L’interfaccia utilizza metodi di machine learning per supportare i pazienti con condizioni critiche, fornendo controllo ed assistenza nelle fasi di follow-up. Sono inoltre in fase di creazione, ad opera di Enlitic, anche robot radiologi che, lavorando accanto ai radiologi umani, ne renderanno più preciso il lavoro. Il primo compito che avranno questi robot sarà quello di accertare la correttezza dell’ipotesi del medico, offrendo un nuovo punto di vista. Dopodiché il robot passerà all’analisi della radiografia per rilevare eventuali anomalie. In base a ciò che rilevano, i robot radiologi assegneranno un determinato livello di priorità alla radiografia, che consegneranno al radiologo specializzato: se non trovano nessuna anomalia, allora assegneranno una priorità bassa.

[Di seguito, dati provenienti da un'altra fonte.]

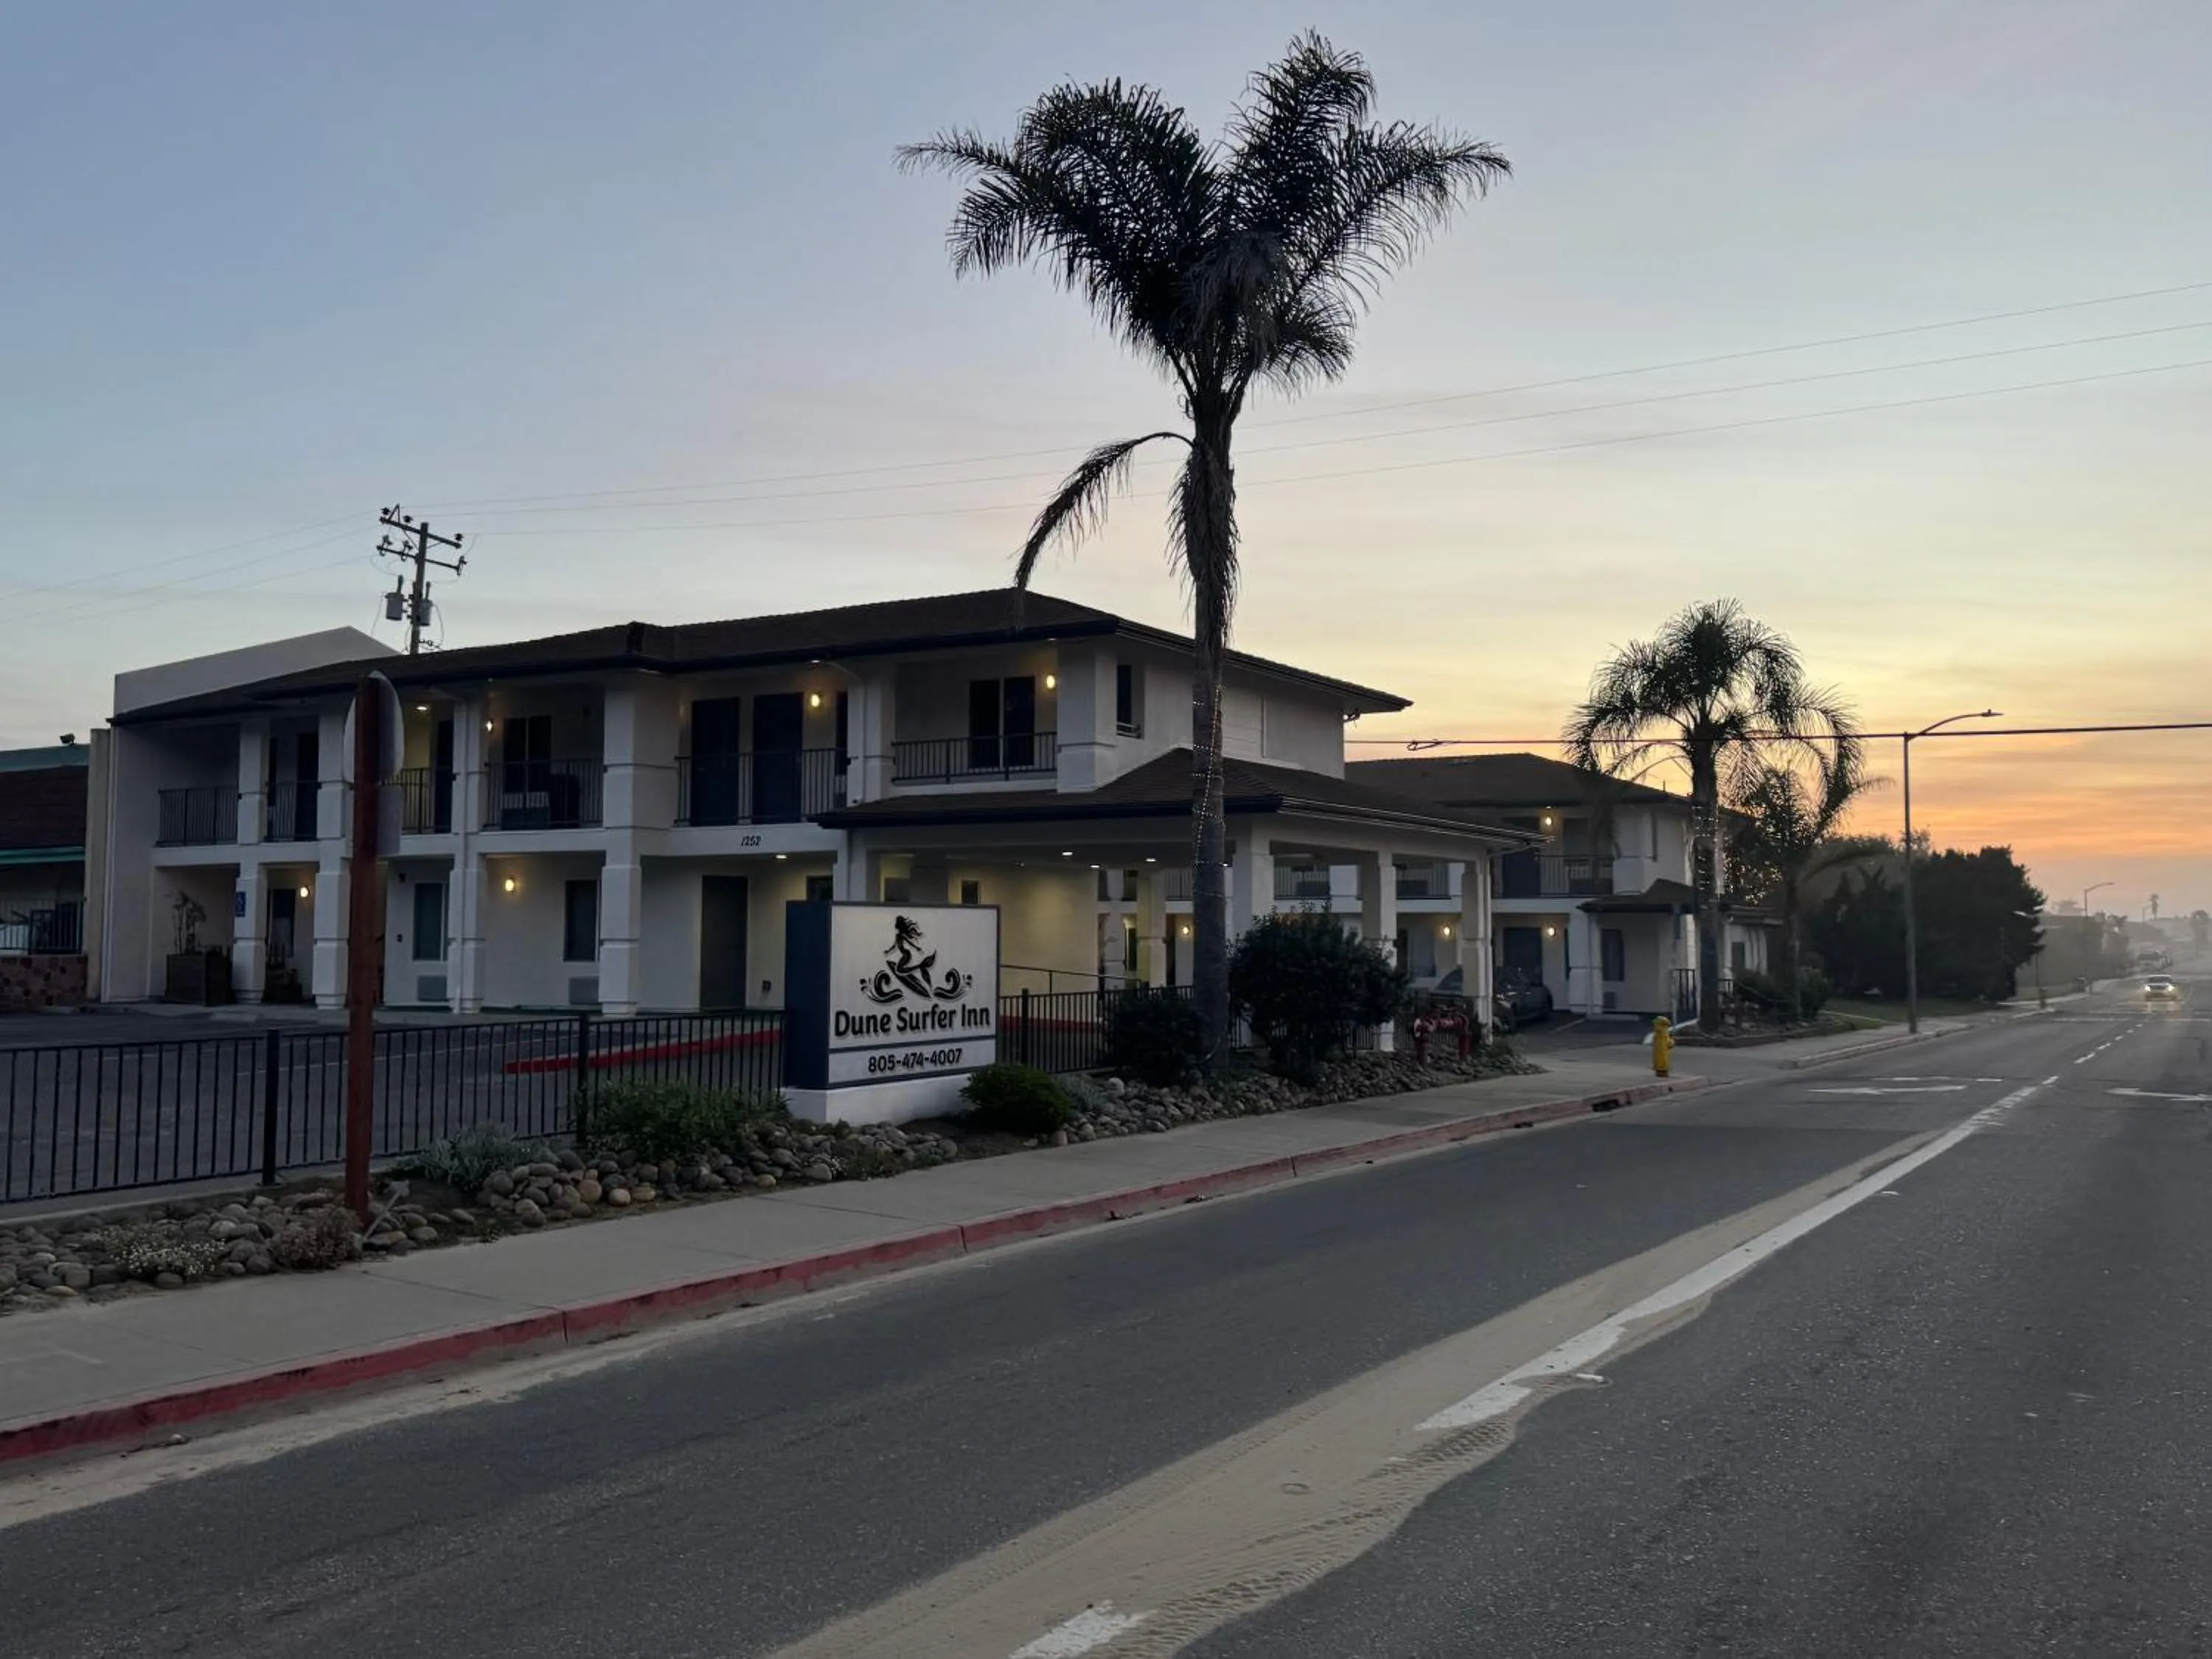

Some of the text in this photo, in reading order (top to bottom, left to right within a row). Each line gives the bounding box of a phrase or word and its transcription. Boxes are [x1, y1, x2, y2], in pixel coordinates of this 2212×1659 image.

[835, 1004, 990, 1037] Dune Surfer Inn
[868, 1048, 962, 1072] 805-474-4007

Il radiologo, ricevuta l’immagine, la studierà a sua volta e stilerà una relazione. Come si evince da tutte queste novità la collaborazione uomo-macchina in campo medico è una grande risorsa per il futuro e anche per l’oggi. Una risorsa in cui l’uomo, a poco a poco, impara il valore dei nuovi altri i robot, che attualmente condividono molte parti della sua vita ed in futuro ancora di più. Dunque proprio dei nuovi amici tecnologici capaci di tracciare “una linea di fuga” dal male del presente, prendendo per mano l’uomo e guidandolo verso un inedito nuovo futuro, tutto da scoprire e da tracciare.

Conclusioni

In conclusione dunque il mondo è imperfetto e l’uomo più di lui, ma forse, se quest’ultimo prende in mano il diario della propria vita e in virtù dei suoi errori guarda al futuro, vi è davvero la possibilità che la connessione ed i robot possano salvare il mondo. Spesso il punto di vista da cui si guarda il mondo è davvero la chiave universale capace di aprire nuove porte. E se l’attuale soglia è quella della tecnologia, forse proprio grazie ad essa, nel futuro il mondo potrà essere un posto migliore e l’uomo potrà guarire malattie attualmente incurabili.

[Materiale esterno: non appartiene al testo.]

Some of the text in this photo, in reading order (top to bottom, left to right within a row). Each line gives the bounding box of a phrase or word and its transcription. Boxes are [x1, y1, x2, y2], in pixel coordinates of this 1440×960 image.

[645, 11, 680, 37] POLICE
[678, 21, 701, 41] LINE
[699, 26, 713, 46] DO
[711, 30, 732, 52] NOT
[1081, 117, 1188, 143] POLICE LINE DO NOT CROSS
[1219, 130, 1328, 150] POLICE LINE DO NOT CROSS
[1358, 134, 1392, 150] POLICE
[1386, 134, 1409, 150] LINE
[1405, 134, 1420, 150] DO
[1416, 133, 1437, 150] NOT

Ovviamente superando le grandi discriminazioni, anche a livello economico e tecnologico, che è possibile vedere in esso. Un giorno nel Negantropocene l’uomo mettendo al centro l’altro da sé, vedrà il vero volto di sè stesso, riconoscendosi in ciò che lo circonda, riscoprendo così il bello delle piccole cose, che spesso nell’Antropocene a causa dell’irrequietezza del vivere, passano inosservate. Quindi una riscoperta di valori, tra cui quello dell’amicizia, che forse potrà salvare molte vite unendo uomini e macchine, in un nuovo forte e saldo, oltre che completamente rivoluzionario rapporto.